I require a timer on my site. This timer will run a series of web services when it expires.

How can I prevent my timer from starting again on a page refresh or page load? I assume I'll need some PHP code here?

I thought of using sessions but I can't update my session on my static page as my JS timer runs.

    Without knowing all the specifics you could investigate these ideas:

    1) Use local storage. When the page loads, have JavaScript check if a certain value or flag is set, etc., and act accordingly. Maybe when the timer begins you set a flag. When it expires, the flag is removed, or value changed.

    2) As the timer runs, make an AJAX call (or several) to a PHP script that updates a session variable. When the page loads, check if the variable exists and for its value (maybe some kind of flag).

    Hope these ideas help!

      1. How would you use local storage?
      2. this works I guess if I had my JS timer doing something ever 5 seconds and I called an AJAX script then. On my 5 minute timer I would need count each 5 second and say after 36 instances of 5 seconds I'm at 5 minutes. Do something else. This would call my AJAX page a large volume of times on a very frequent basis. Is there any issue with that?

      <button onclick="setTimeout(myFunction, 5000)">Try it</button>

        NZ_Kiwis;11052751 wrote:

        1. How would you use local storage?

        myStorage = localStorage;
        
        myStorage.foo = "Kiwis";
        
        console.log(myStorage.foo);
        Mozilla Developer Network wrote:

        The localStorage property allows you to access a local Storage object. localStorage is similar to sessionStorage. The only difference is that, while data stored in localStorage has no expiration time, data stored in sessionStorage gets cleared when the browsing session ends—that is, when the browser is closed.

        https://developer.mozilla.org/en-US/docs/Web/API/Window/localStorage

          NZ_Kiwis;11052751 wrote:

          2. this works I guess if I had my JS timer doing something ever 5 seconds and I called an AJAX script then. On my 5 minute timer I would need count each 5 second and say after 36 instances of 5 seconds I'm at 5 minutes.

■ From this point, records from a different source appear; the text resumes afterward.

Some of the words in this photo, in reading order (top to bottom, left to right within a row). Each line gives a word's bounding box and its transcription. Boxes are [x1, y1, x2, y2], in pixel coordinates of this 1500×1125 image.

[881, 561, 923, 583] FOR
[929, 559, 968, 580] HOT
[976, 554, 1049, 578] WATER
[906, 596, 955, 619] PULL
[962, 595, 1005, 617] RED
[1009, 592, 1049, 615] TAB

Do something else. This would call my AJAX page a large volume of times on a very frequent basis. Is there any issue with that?

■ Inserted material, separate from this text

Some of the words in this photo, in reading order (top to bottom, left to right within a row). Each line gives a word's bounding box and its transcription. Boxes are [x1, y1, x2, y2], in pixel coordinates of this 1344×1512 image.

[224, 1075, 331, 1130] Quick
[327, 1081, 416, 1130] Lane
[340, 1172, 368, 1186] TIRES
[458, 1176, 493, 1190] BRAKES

          Rather than counting how many times a 5-second interval has run (which might also get reset if the page were refreshed) I would instead store some kind of absolute time marker. E.g., you might store a timestamp somewhere:

          // note in Javascript this will be the current timestamp in milliseconds, not seconds
          var startTimeStamp = Date.now();

          Then your function that runs every 1 second or five seconds would compare the stored timestamp against the current time and if the difference is greater than five minutes, then run the routine. If you store startTimeStamp either on the server in your db or in a cookie or some kind of persistent storage (like localStorage) then the startTimeStamp value will be preserved even if you refresh the page. Your logic might need to update the startTimeStamp value when your process runs if you want this sort of thing to run every five minutes.